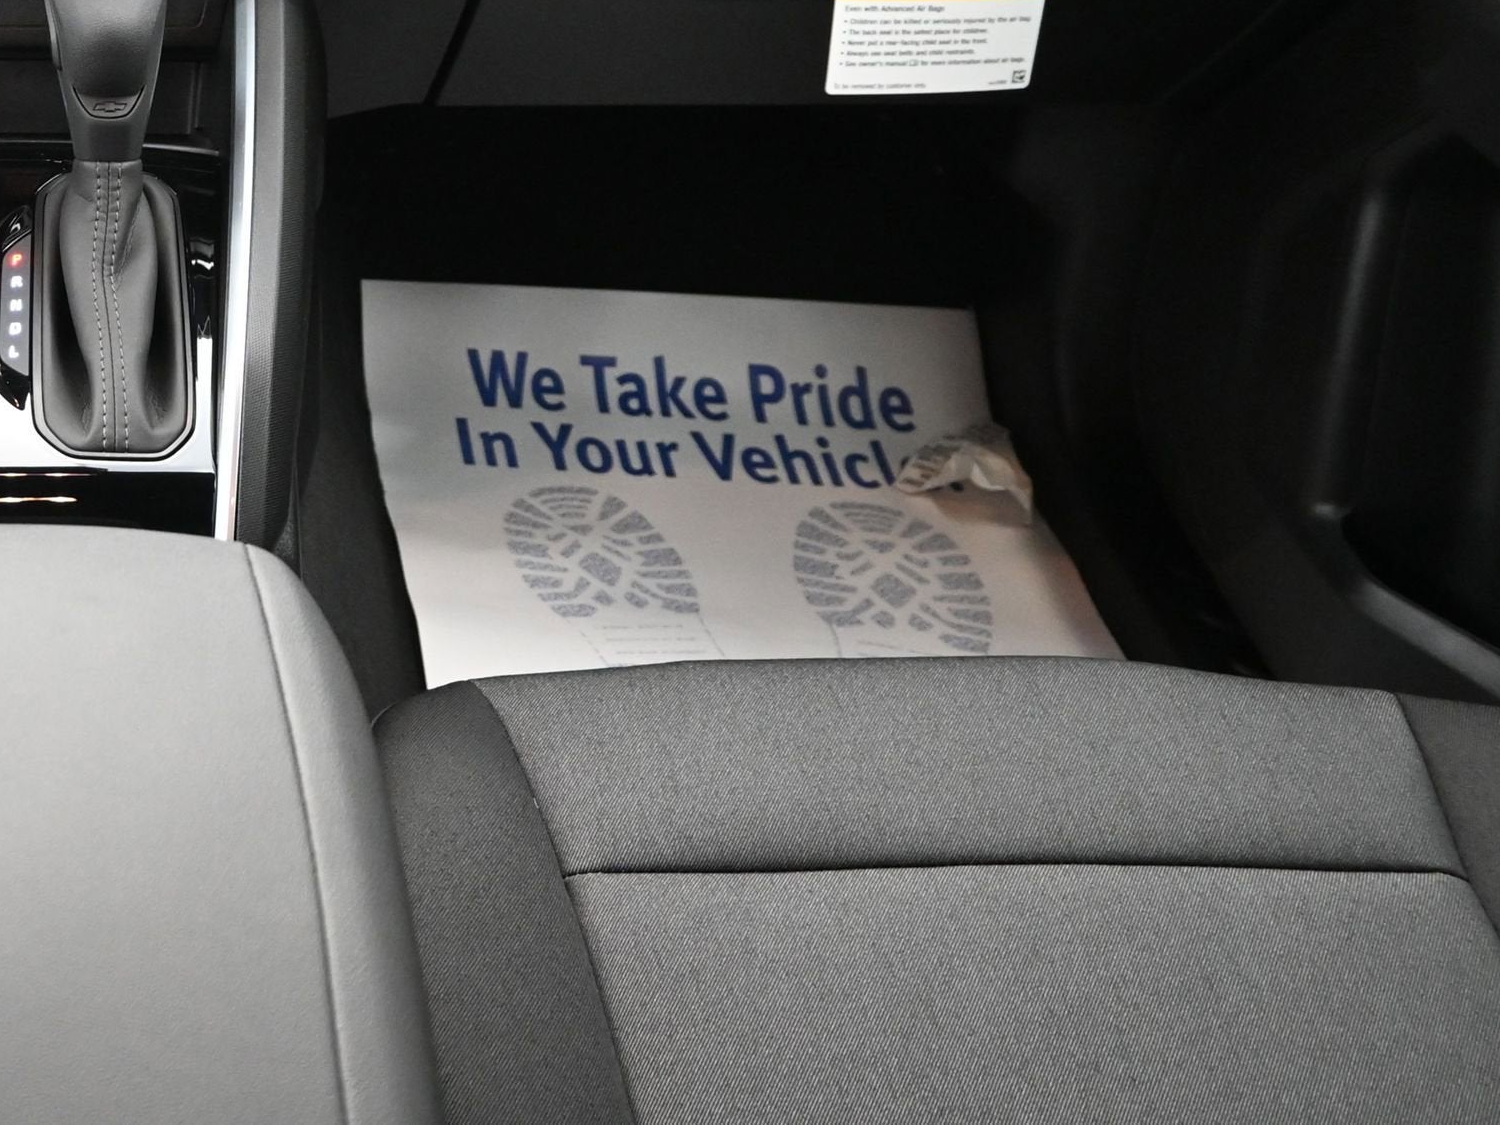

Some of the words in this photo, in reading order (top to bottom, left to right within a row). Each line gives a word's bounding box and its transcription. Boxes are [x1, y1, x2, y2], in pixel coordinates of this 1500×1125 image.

[928, 5, 945, 13] Bags
[11, 254, 23, 266] P
[10, 276, 23, 288] R
[10, 299, 23, 312] N
[8, 322, 22, 335] D
[8, 345, 20, 358] L
[467, 348, 566, 412] We
[579, 355, 729, 423] Take
[747, 363, 915, 433] Pride
[455, 417, 519, 469] In
[530, 421, 681, 478] Your
[690, 430, 920, 489] Vehicl
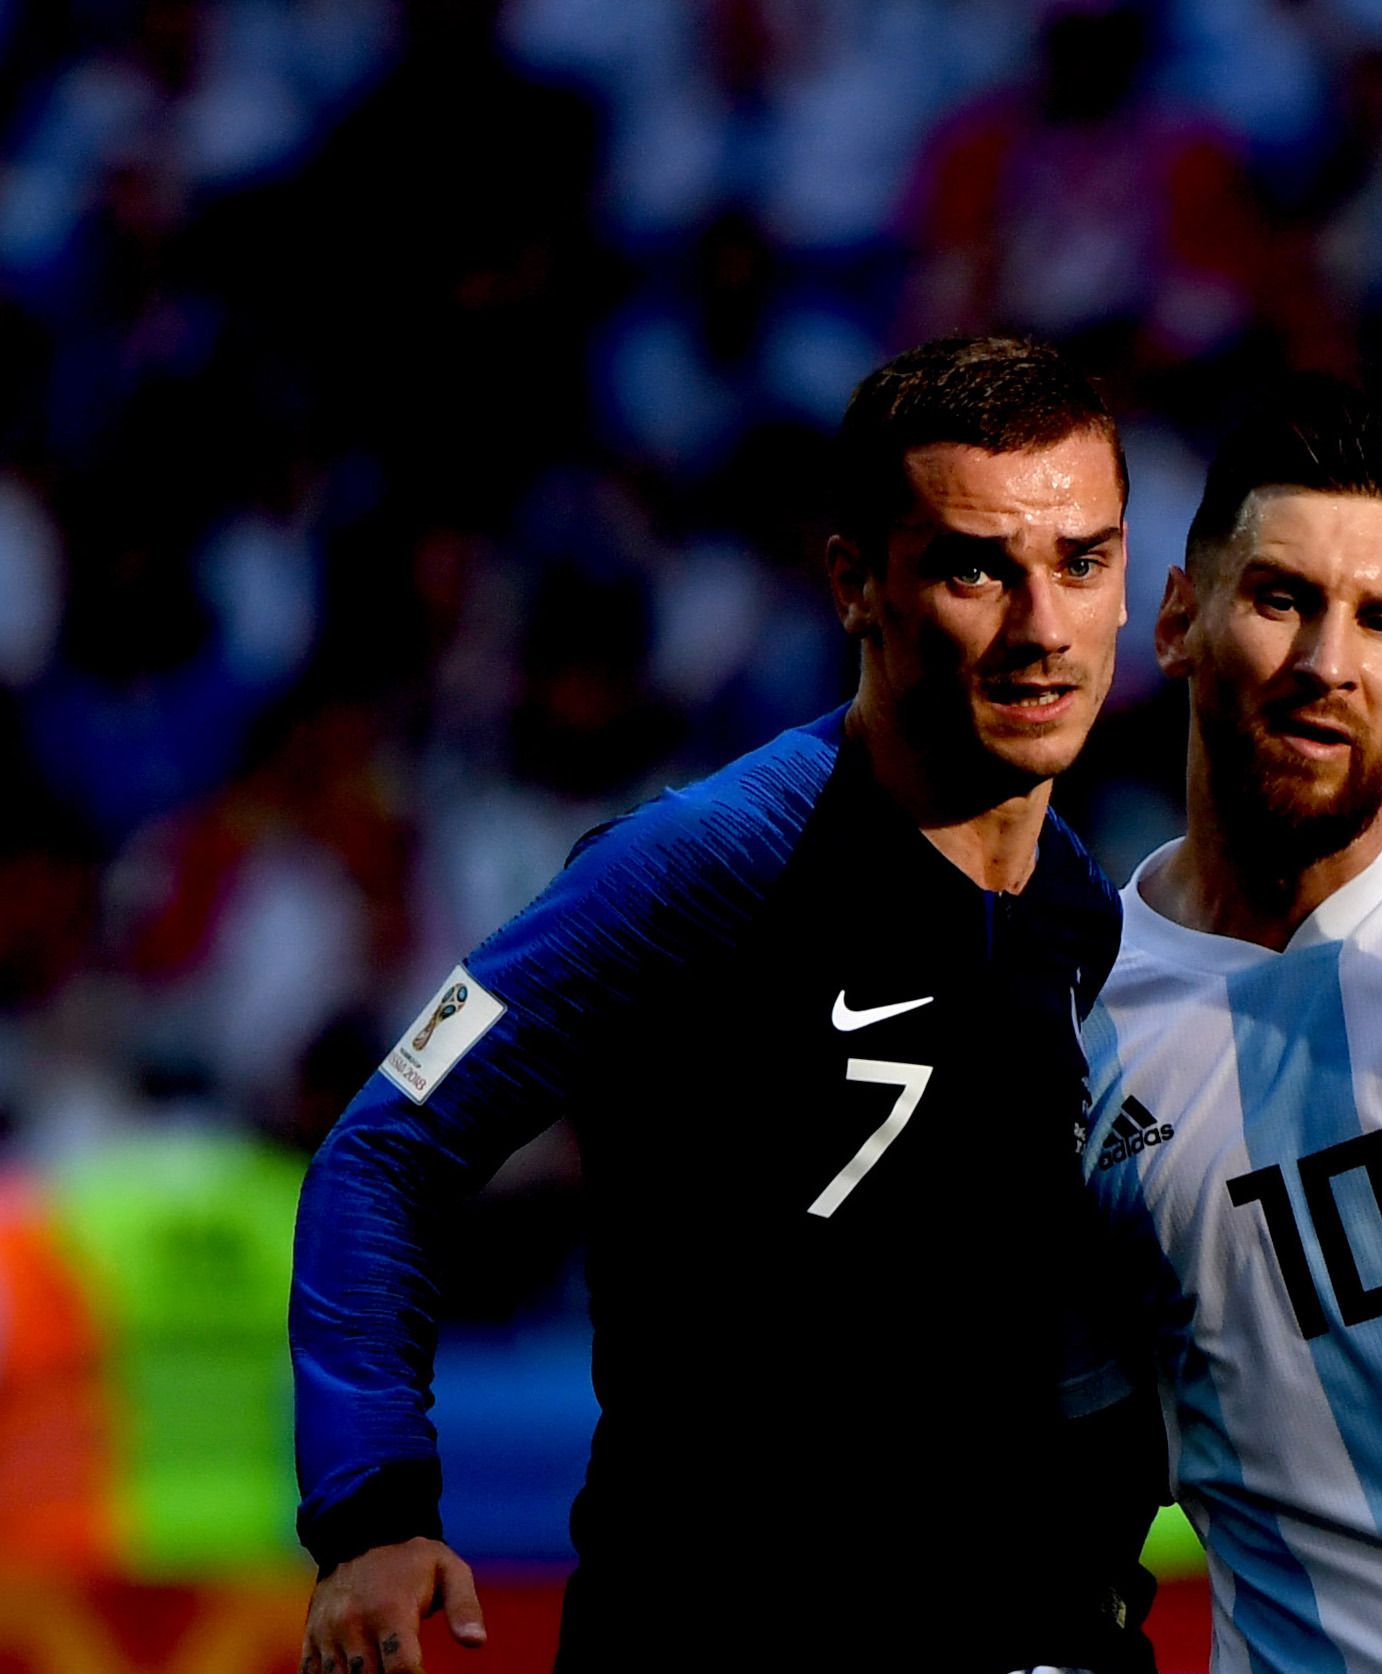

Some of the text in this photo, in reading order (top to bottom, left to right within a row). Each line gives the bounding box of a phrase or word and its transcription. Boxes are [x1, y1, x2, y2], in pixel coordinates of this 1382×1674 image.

[403, 1068, 427, 1091] 2018
[807, 1057, 934, 1219] 7
[1099, 1123, 1175, 1171] adidas

■ ■ ■ ■ ■ ■ ■

**Your task:**
Without any pictures, return the material above exactly.

**Written reply:**
Some of the words in this photo, in reading order (top to bottom, left to right within a row). Each line gives a word's bounding box and its transcription. Boxes are [x1, y1, x2, y2], in pixel coordinates of this 1500×1125 image.

[928, 5, 945, 13] Bags
[11, 254, 23, 266] P
[10, 276, 23, 288] R
[10, 299, 23, 312] N
[8, 322, 22, 335] D
[8, 345, 20, 358] L
[467, 348, 566, 412] We
[579, 355, 729, 423] Take
[747, 363, 915, 433] Pride
[455, 417, 519, 469] In
[530, 421, 681, 478] Your
[690, 430, 920, 489] Vehicl

Some of the text in this photo, in reading order (top to bottom, left to right within a row). Each line gives the bounding box of a phrase or word and its transcription. Boxes are [x1, y1, x2, y2], in pixel coordinates of this 1382×1674 image.

[403, 1068, 427, 1091] 2018
[807, 1057, 934, 1219] 7
[1099, 1123, 1175, 1171] adidas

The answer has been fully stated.